## [Problem to work on]
Each record that comes next should be output exactly; pictures do not belong in the copy.
#### Materials provided ####
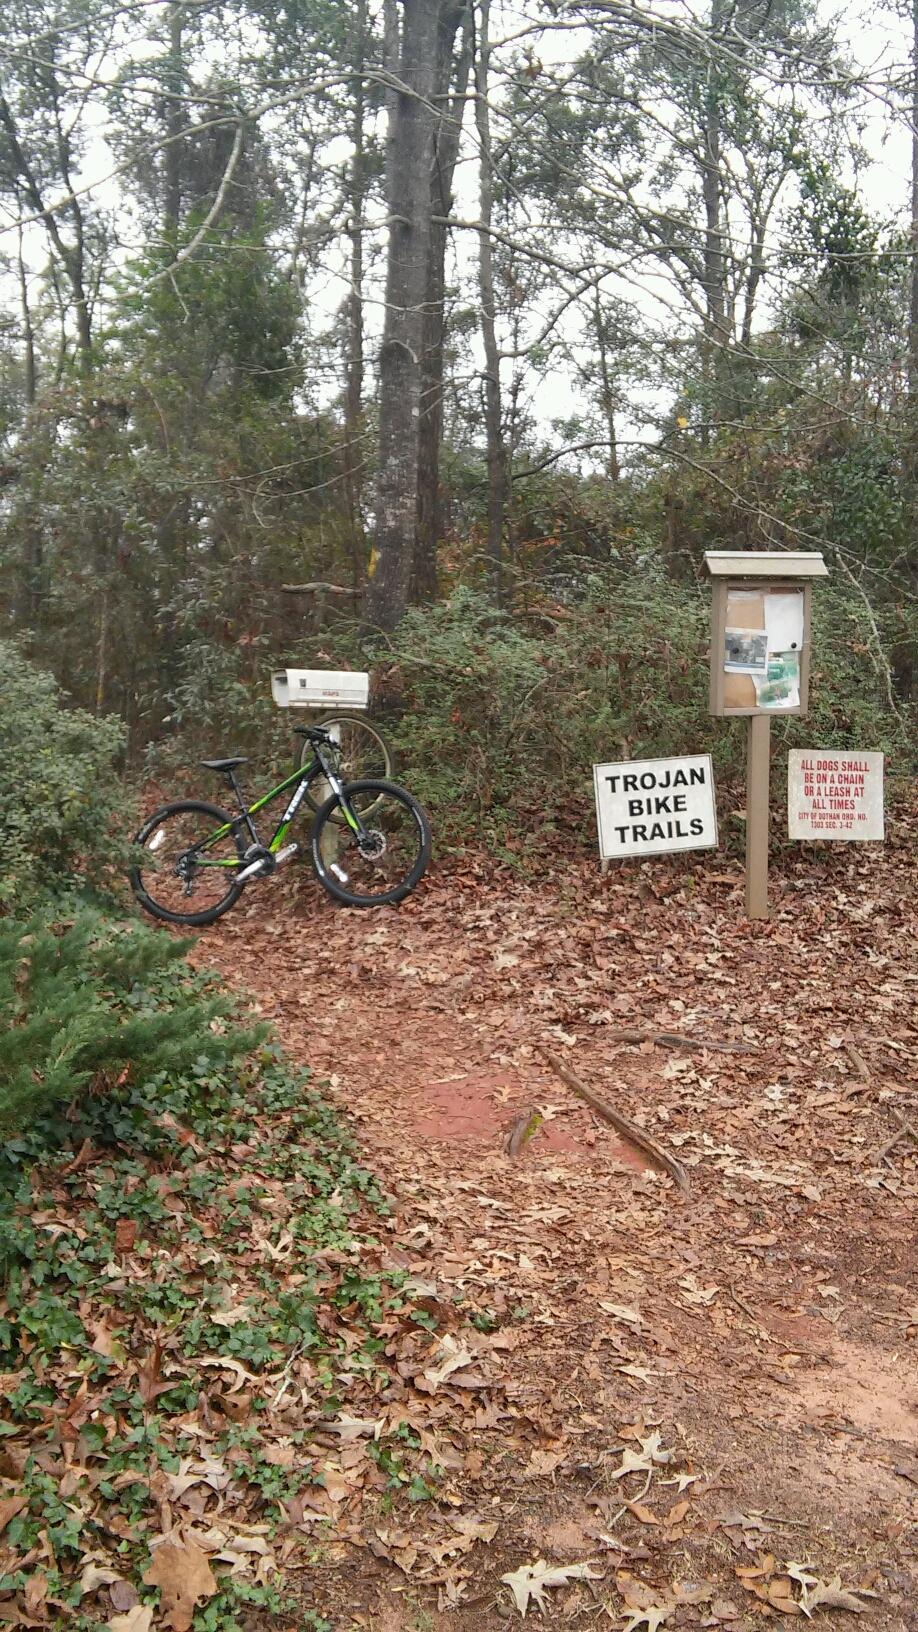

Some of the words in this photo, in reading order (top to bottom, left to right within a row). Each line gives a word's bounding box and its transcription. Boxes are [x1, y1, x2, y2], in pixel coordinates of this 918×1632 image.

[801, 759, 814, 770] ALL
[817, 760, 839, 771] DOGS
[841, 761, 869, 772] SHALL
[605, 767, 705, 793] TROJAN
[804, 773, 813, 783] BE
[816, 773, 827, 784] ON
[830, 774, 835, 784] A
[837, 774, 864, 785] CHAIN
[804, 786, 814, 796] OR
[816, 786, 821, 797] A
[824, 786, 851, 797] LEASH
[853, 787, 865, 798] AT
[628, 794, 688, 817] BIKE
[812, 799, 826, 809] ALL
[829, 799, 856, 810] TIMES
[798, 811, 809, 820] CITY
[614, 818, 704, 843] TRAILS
####
## [Result of the exercise]
Some of the words in this photo, in reading order (top to bottom, left to right within a row). Each line gives a word's bounding box and its transcription. Boxes are [x1, y1, x2, y2], in pixel coordinates of this 918×1632 image.

[801, 759, 814, 770] ALL
[817, 760, 839, 771] DOGS
[841, 761, 869, 772] SHALL
[605, 767, 705, 793] TROJAN
[804, 773, 813, 783] BE
[816, 773, 827, 784] ON
[830, 774, 835, 784] A
[837, 774, 864, 785] CHAIN
[804, 786, 814, 796] OR
[816, 786, 821, 797] A
[824, 786, 851, 797] LEASH
[853, 787, 865, 798] AT
[628, 794, 688, 817] BIKE
[812, 799, 826, 809] ALL
[829, 799, 856, 810] TIMES
[798, 811, 809, 820] CITY
[614, 818, 704, 843] TRAILS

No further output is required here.